PROMPT :: From the first entry to the last, restate everything word for word and exclude pictures.

EXERCISE INPUT ::
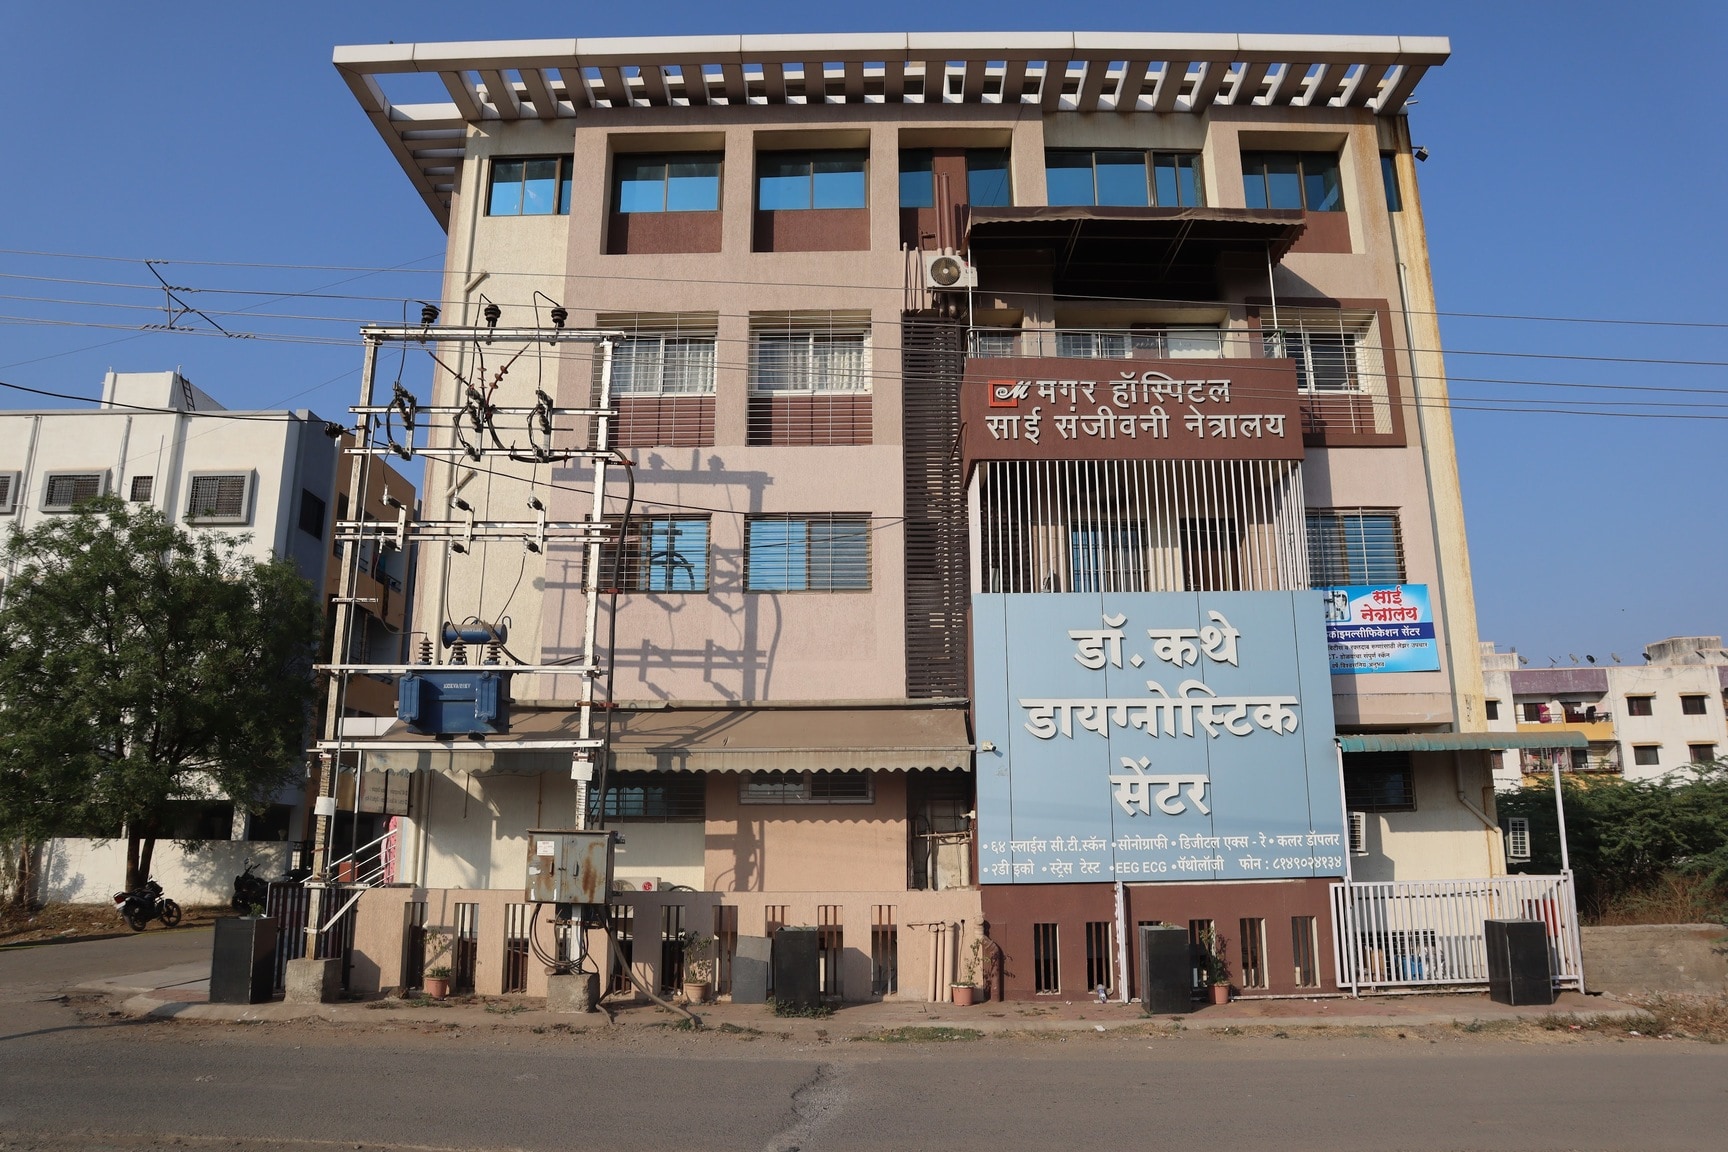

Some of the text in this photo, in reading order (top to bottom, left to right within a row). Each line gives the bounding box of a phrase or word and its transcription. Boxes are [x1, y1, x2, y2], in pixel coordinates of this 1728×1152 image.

[1035, 371, 1232, 408] मगर हॉस्पिटल
[985, 405, 1286, 444] साई संजीवनी नेत्रालय
[1372, 585, 1402, 606] साई
[1360, 604, 1418, 622] नेत्रालय
[1068, 610, 1241, 669] डॉ. कथे
[1328, 625, 1421, 640] कोइमल्सीफिकेशन सेंटर
[1018, 679, 1299, 739] डायग्नोस्टिक
[1108, 756, 1210, 816] सेंटर
[991, 840, 1006, 854] ६४
[1010, 836, 1047, 855] स्लाईस
[1117, 834, 1168, 851] सोनोग्राफी
[1179, 833, 1220, 850] डिजीटल
[1276, 835, 1303, 848] कलर
[1306, 830, 1340, 847] डॉपलर
[1012, 858, 1035, 877] इको
[1049, 858, 1073, 878] स्ट्रेस
[1079, 858, 1101, 874] टेस्ट
[1116, 862, 1140, 874] EEG
[1142, 861, 1167, 873] ECG
[1177, 855, 1225, 872] पॅथोलॉजी
[1238, 854, 1262, 871] फोन
[1273, 855, 1342, 871] ८१४९०२४१३४

REPLY ::
Some of the text in this photo, in reading order (top to bottom, left to right within a row). Each line gives the bounding box of a phrase or word and its transcription. Boxes are [x1, y1, x2, y2], in pixel coordinates of this 1728×1152 image.

[1035, 371, 1232, 408] मगर हॉस्पिटल
[985, 405, 1286, 444] साई संजीवनी नेत्रालय
[1372, 585, 1402, 606] साई
[1360, 604, 1418, 622] नेत्रालय
[1068, 610, 1241, 669] डॉ. कथे
[1328, 625, 1421, 640] कोइमल्सीफिकेशन सेंटर
[1018, 679, 1299, 739] डायग्नोस्टिक
[1108, 756, 1210, 816] सेंटर
[991, 840, 1006, 854] ६४
[1010, 836, 1047, 855] स्लाईस
[1117, 834, 1168, 851] सोनोग्राफी
[1179, 833, 1220, 850] डिजीटल
[1276, 835, 1303, 848] कलर
[1306, 830, 1340, 847] डॉपलर
[1012, 858, 1035, 877] इको
[1049, 858, 1073, 878] स्ट्रेस
[1079, 858, 1101, 874] टेस्ट
[1116, 862, 1140, 874] EEG
[1142, 861, 1167, 873] ECG
[1177, 855, 1225, 872] पॅथोलॉजी
[1238, 854, 1262, 871] फोन
[1273, 855, 1342, 871] ८१४९०२४१३४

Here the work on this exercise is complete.